Topeka Kansas Atty. Gen. Phill Kline is proposing measures that would scrutinize the deaths of children in the foster care system who die from abuse or neglect.
Under his proposal, the state would hire an independent investigator to review the deaths of children who are in state custody or who had been in foster care or the juvenile-justice system within six months of their deaths.
Kline said the investigator would determine whether the actions of state child-welfare officials contributed to harming the children. Those findings would be reported to a legislative oversight committee.
"This is a significant step in the right direction," he said. "I believe our government needs to be as accountable and as transparent as possible."
A 19-month-old boy, Dominic Matz, died last month in a Lawrence foster home. An alarm should have sounded when the medically fragile boy stopped breathing, his mother, Tanya Jones, of Paola, said.
But the alarm didn't go off, and Jones' attorney has accused the foster parents of either not knowing how to hook up the alarm or somehow turning it off. Friends of the foster parents, who were not identified, said they doubted those allegations were true.
The proposal also comes after the December 2002 murder of Brian Edgar, a 9-year-old former foster child whose adoptive parents bound him with duct tape and left him to suffocate. The adoptive parents and baby sitter were convicted of murder and sentenced to life in prison.
Federal law requires states to have a provision to release records when children die or nearly die of abuse or neglect.
Many child-welfare advocates have lobbied for greater public disclosure, saying openness would improve social services systems designed to protect children.
Lawmakers who plan to introduce Kline's plan in the Senate have been negotiating over how open the state should be with the findings.
Kline said he would continue to push for the state to release records in a child's death, but his current proposal stops short of such disclosure.
"It's progress," Kline said. "I prefer more openness. I think the public ought to have access to the records. But we are proposing more openness."

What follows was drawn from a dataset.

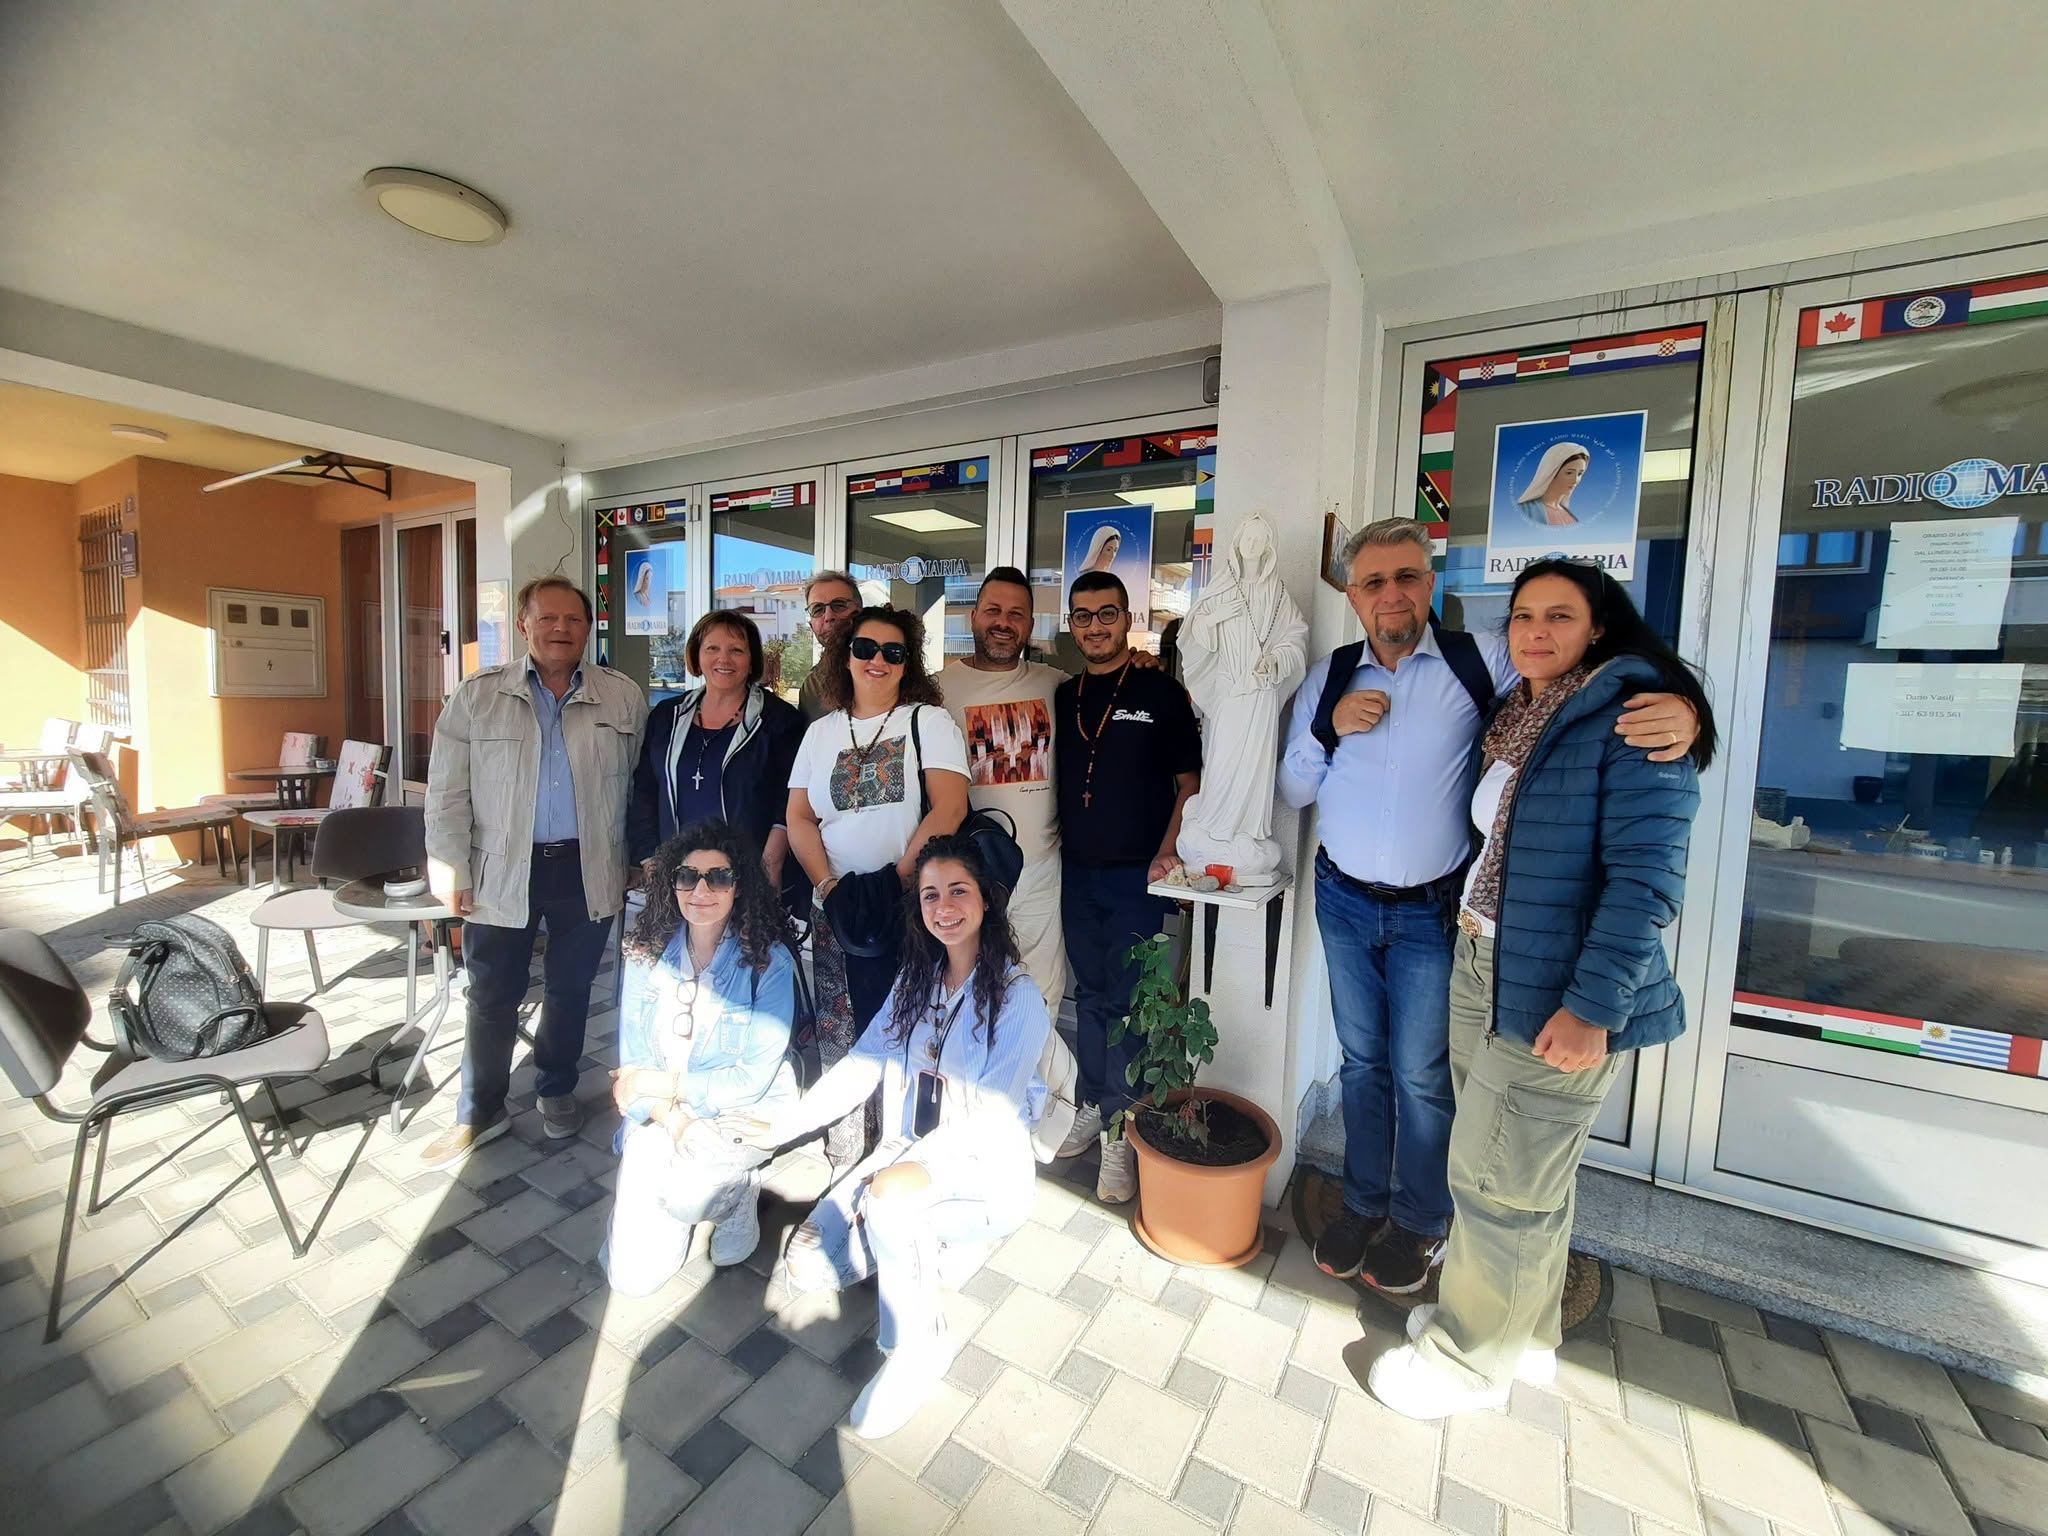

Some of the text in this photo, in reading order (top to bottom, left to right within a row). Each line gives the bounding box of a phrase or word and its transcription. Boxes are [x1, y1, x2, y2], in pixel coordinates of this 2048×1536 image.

[1812, 471, 1957, 508] RADIO
[723, 569, 803, 587] RADIO MARIA
[865, 559, 967, 580] RADIO MARIA
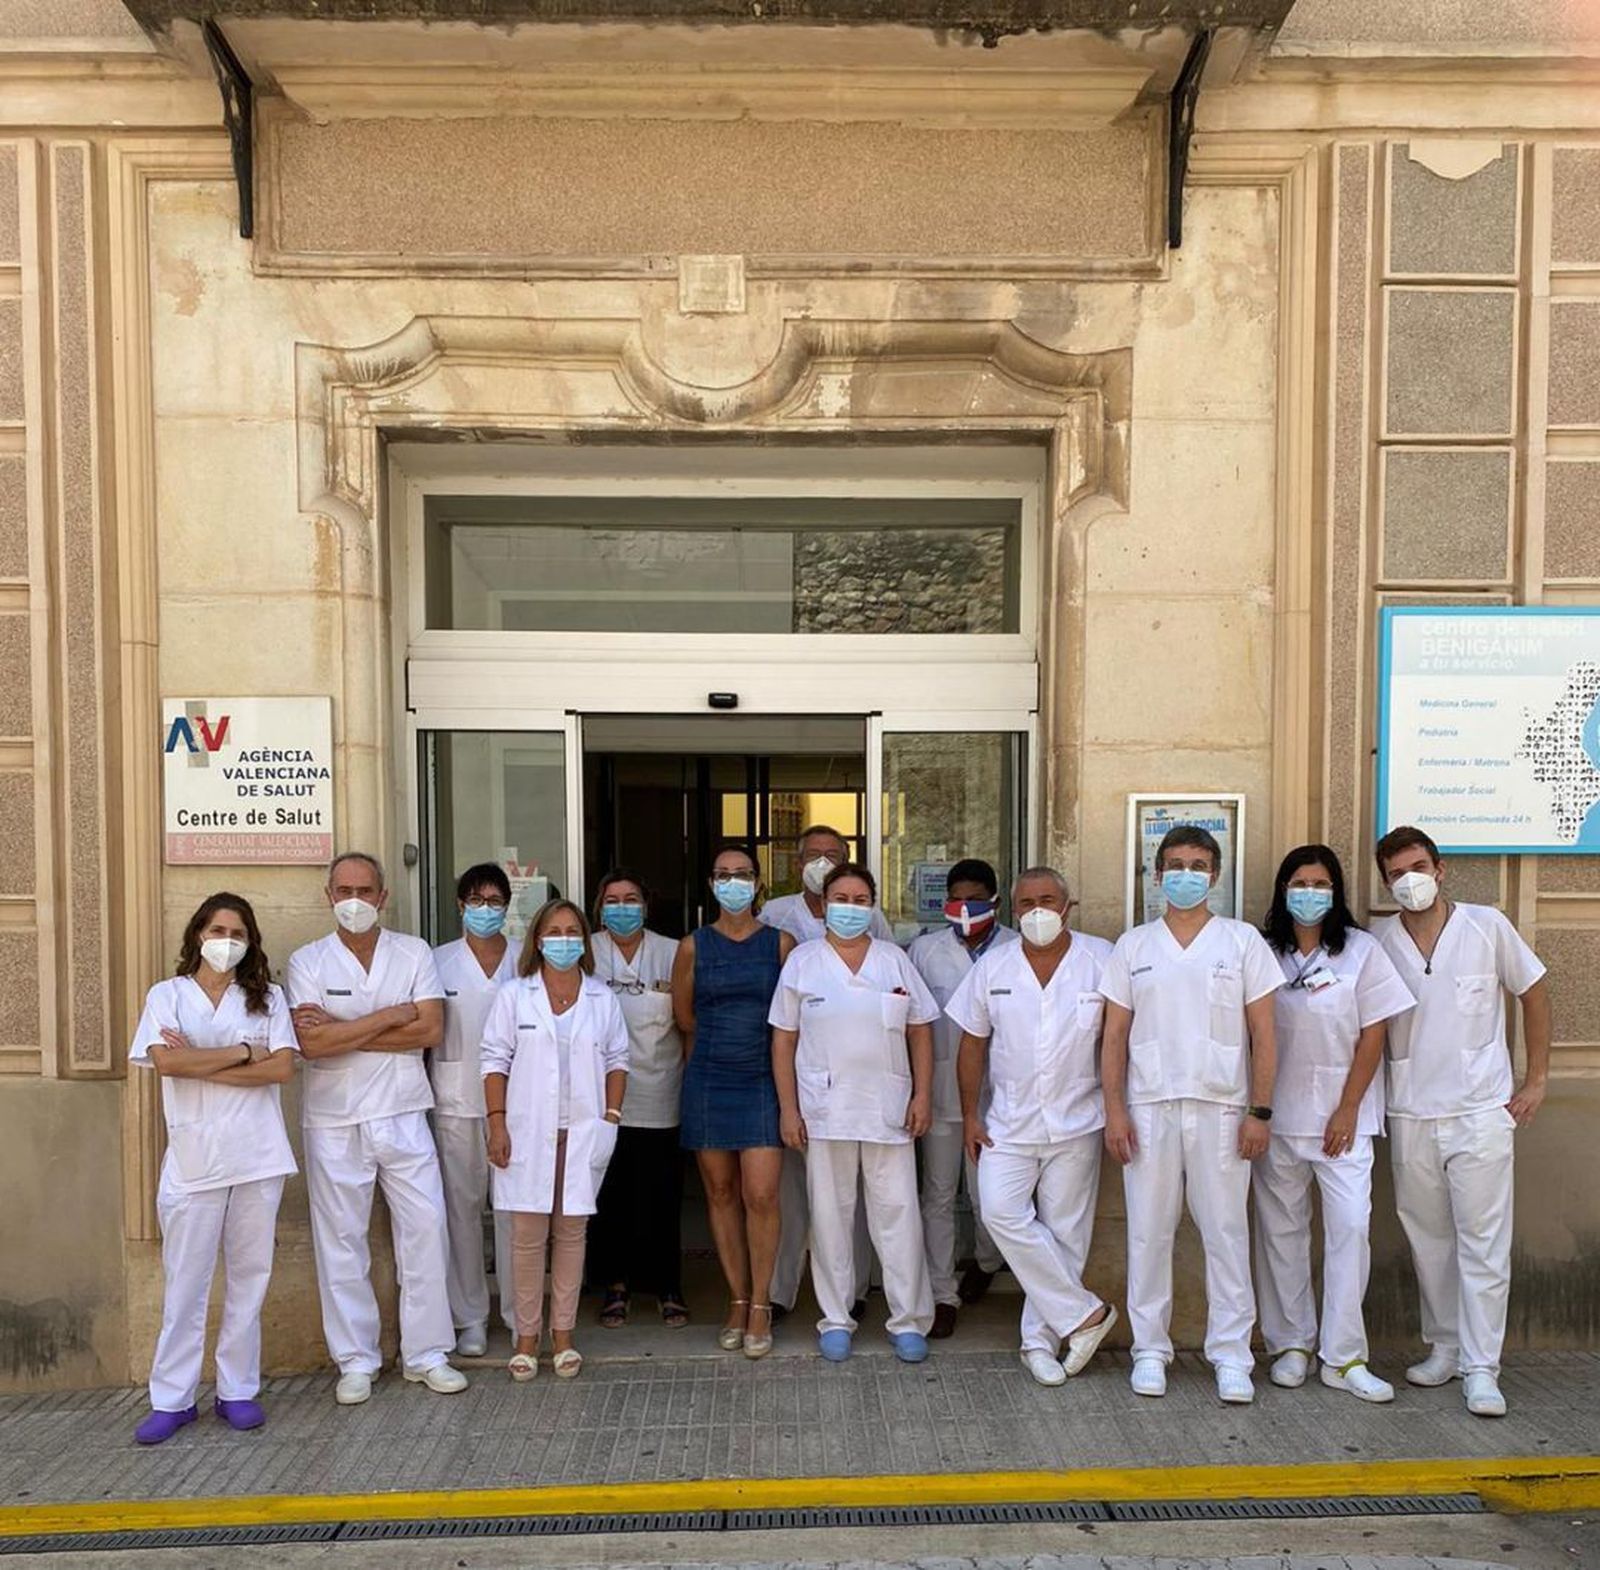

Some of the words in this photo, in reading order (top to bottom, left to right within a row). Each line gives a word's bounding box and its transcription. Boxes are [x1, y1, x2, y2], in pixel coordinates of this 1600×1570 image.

Under Kline's proposal, the State Child Death Review Board would hire an investigator to look into deaths of children. The investigator would issue reports to the board, the state agency, a legislative oversight committee and local prosecutors in the jurisdiction where the children died.
In closed meetings, the legislative oversight committee would review the report and have access to confidential records. The committee could issue recommendations and vote to release certain documents to the public.
Kline and officials from the Kansas Department of Social and Rehabilitation Services have discussed his proposal.
"We're not opposed to openness," said Sandra Hazlett, director of children and family policy. "What we don't want is for the privacy of individuals to be compromised."